Referring expression grounding data
=== Begin Enclosure ===

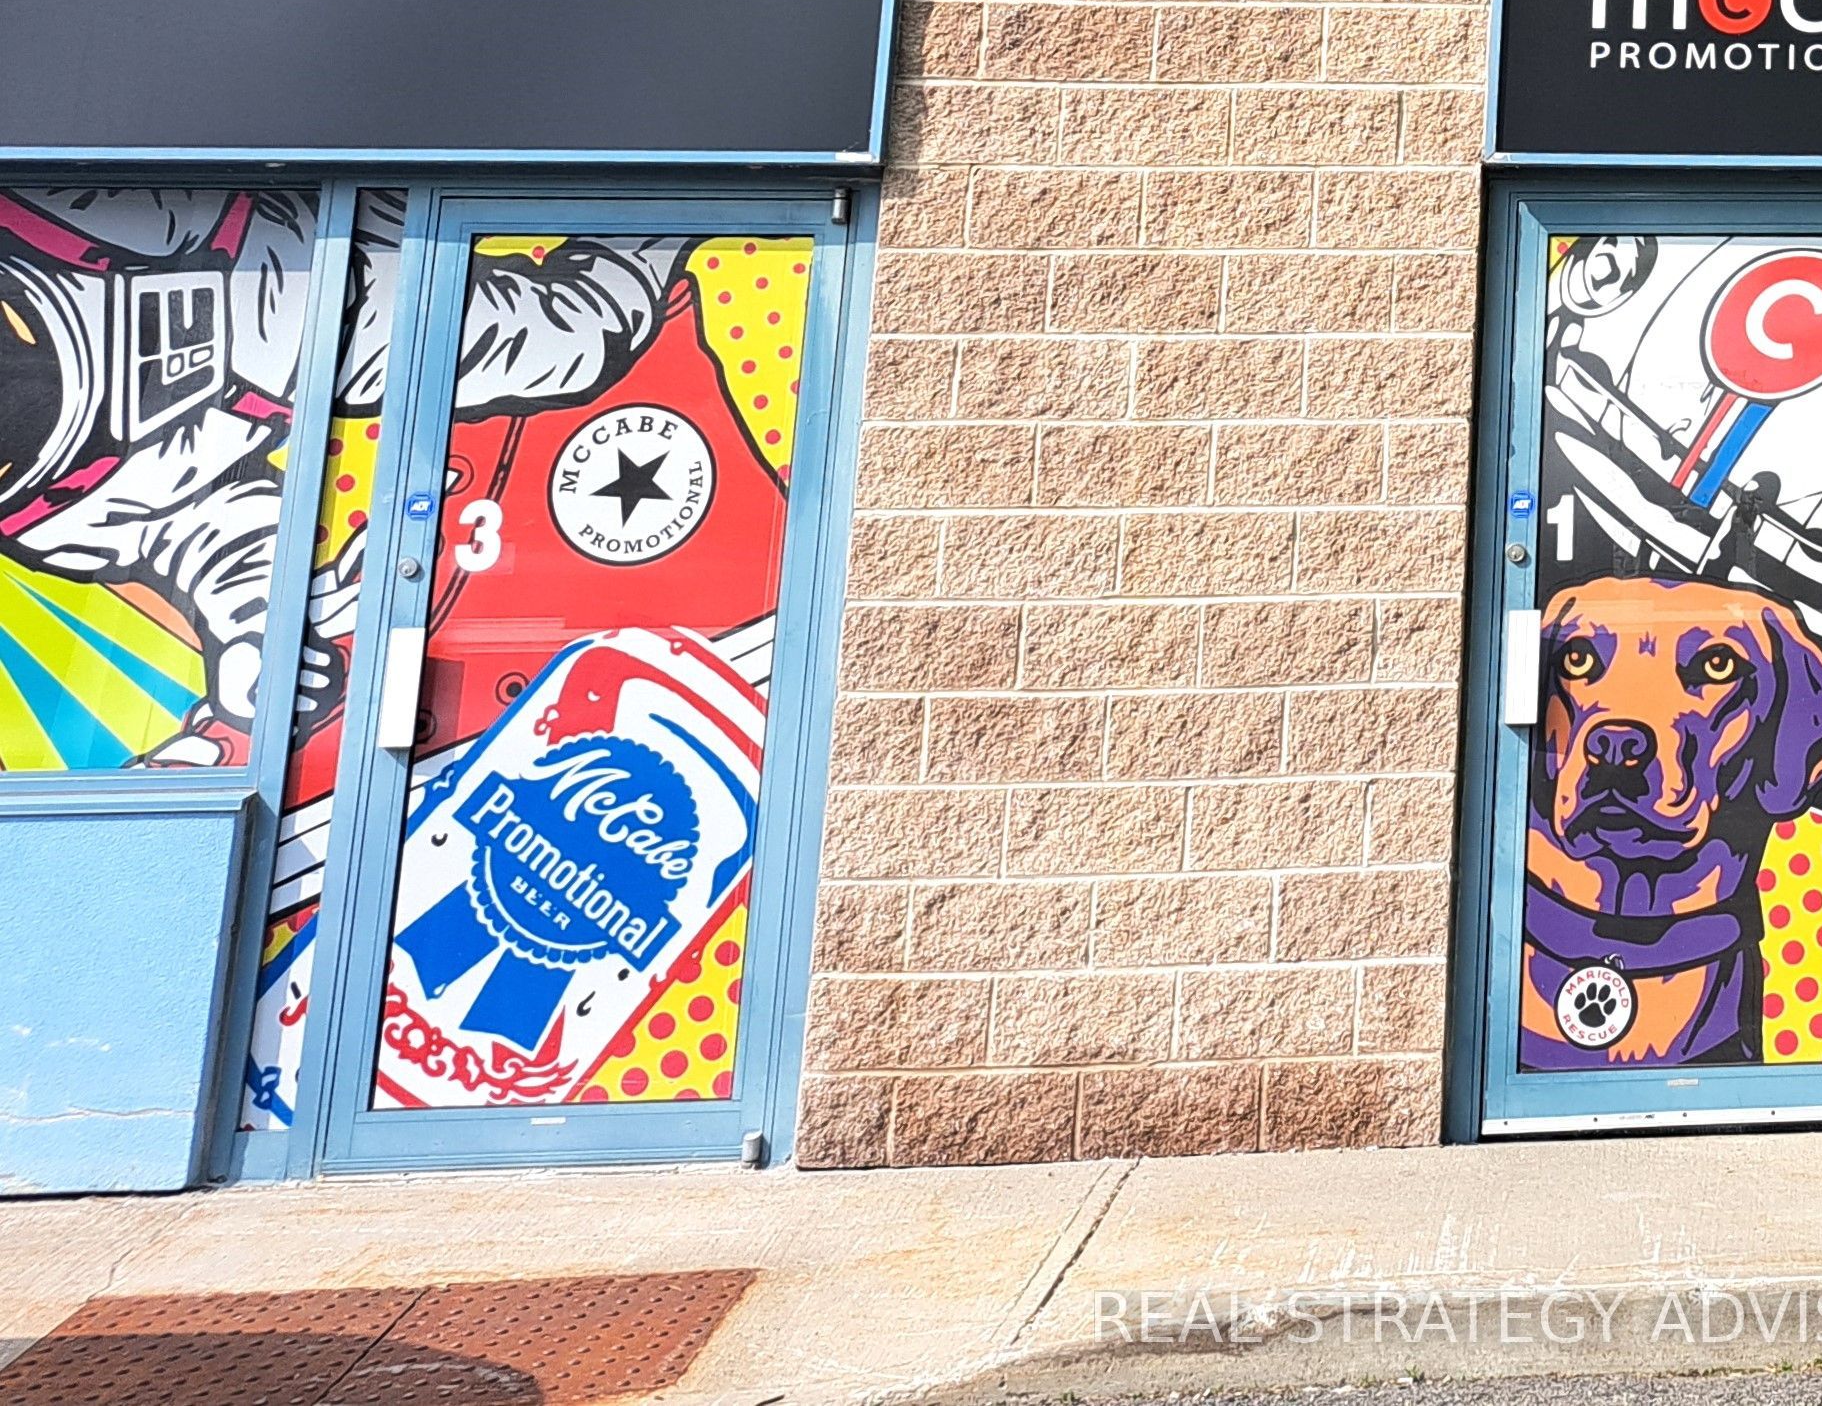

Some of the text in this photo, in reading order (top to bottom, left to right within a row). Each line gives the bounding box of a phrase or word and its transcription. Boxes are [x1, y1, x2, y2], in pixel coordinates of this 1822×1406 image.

[559, 415, 679, 494] MCCABE
[455, 499, 503, 572] 3
[578, 460, 704, 554] PROMOTIONAL
[1546, 494, 1574, 561] 1
[519, 748, 692, 880] McCabe
[470, 783, 668, 959] Promotional
[510, 876, 571, 930] BEER
[1565, 970, 1629, 1008] MARIGOLD
[1563, 1014, 1617, 1041] RESCUE
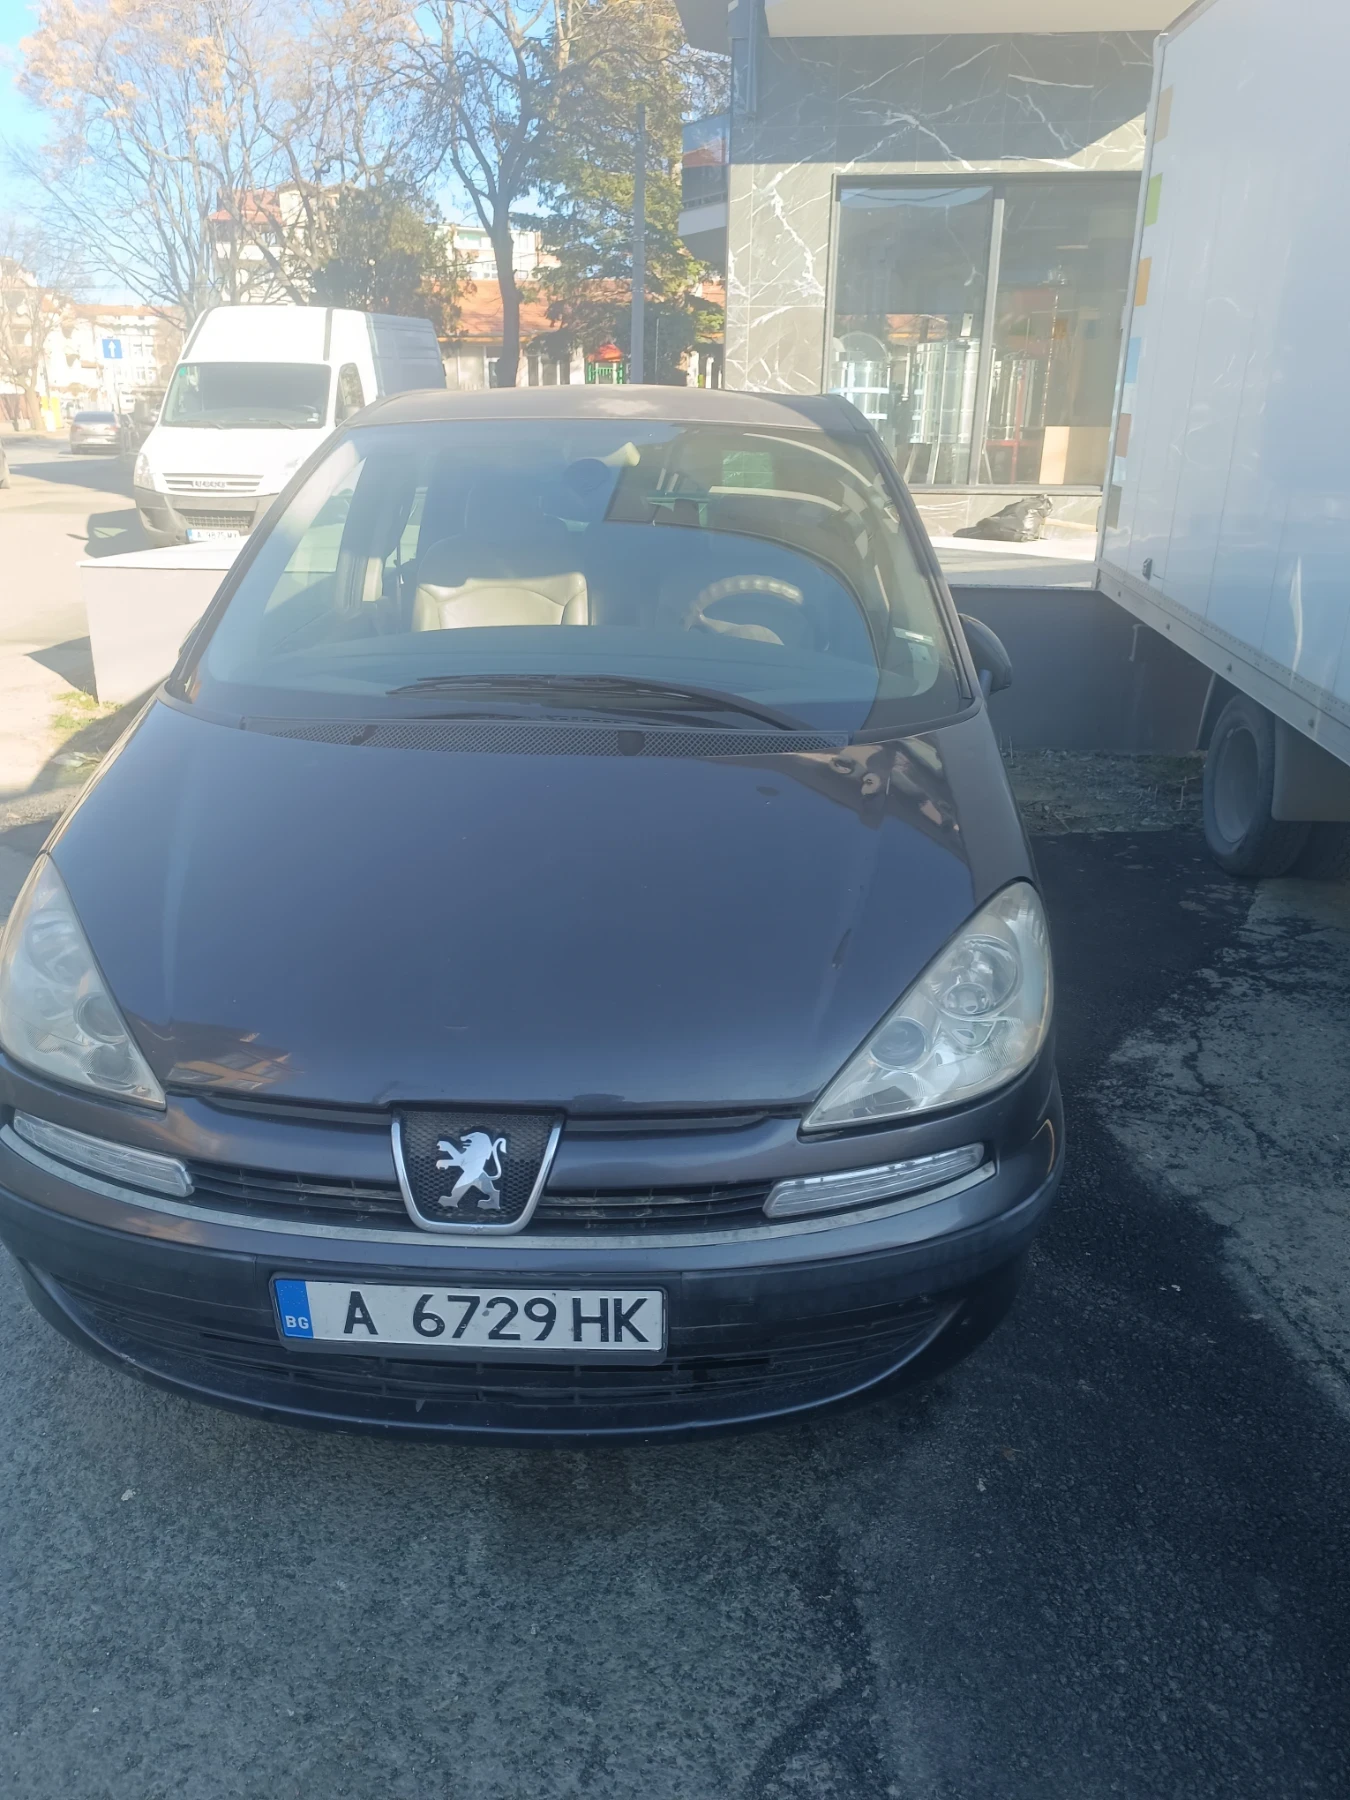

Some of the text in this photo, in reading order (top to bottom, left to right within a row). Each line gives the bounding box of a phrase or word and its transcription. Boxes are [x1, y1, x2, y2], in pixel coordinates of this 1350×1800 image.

[285, 1316, 309, 1330] BG
[343, 1290, 650, 1342] A 6729 HK

=== End Enclosure ===

TASK STATEMENT | When copying the records, reproduce every entry exactly and omit all pictures.

RESULT |
Some of the text in this photo, in reading order (top to bottom, left to right within a row). Each line gives the bounding box of a phrase or word and its transcription. Boxes are [x1, y1, x2, y2], in pixel coordinates of this 1822×1406 image.

[559, 415, 679, 494] MCCABE
[455, 499, 503, 572] 3
[578, 460, 704, 554] PROMOTIONAL
[1546, 494, 1574, 561] 1
[519, 748, 692, 880] McCabe
[470, 783, 668, 959] Promotional
[510, 876, 571, 930] BEER
[1565, 970, 1629, 1008] MARIGOLD
[1563, 1014, 1617, 1041] RESCUE

Some of the text in this photo, in reading order (top to bottom, left to right within a row). Each line gives the bounding box of a phrase or word and its transcription. Boxes are [x1, y1, x2, y2], in pixel coordinates of this 1350×1800 image.

[285, 1316, 309, 1330] BG
[343, 1290, 650, 1342] A 6729 HK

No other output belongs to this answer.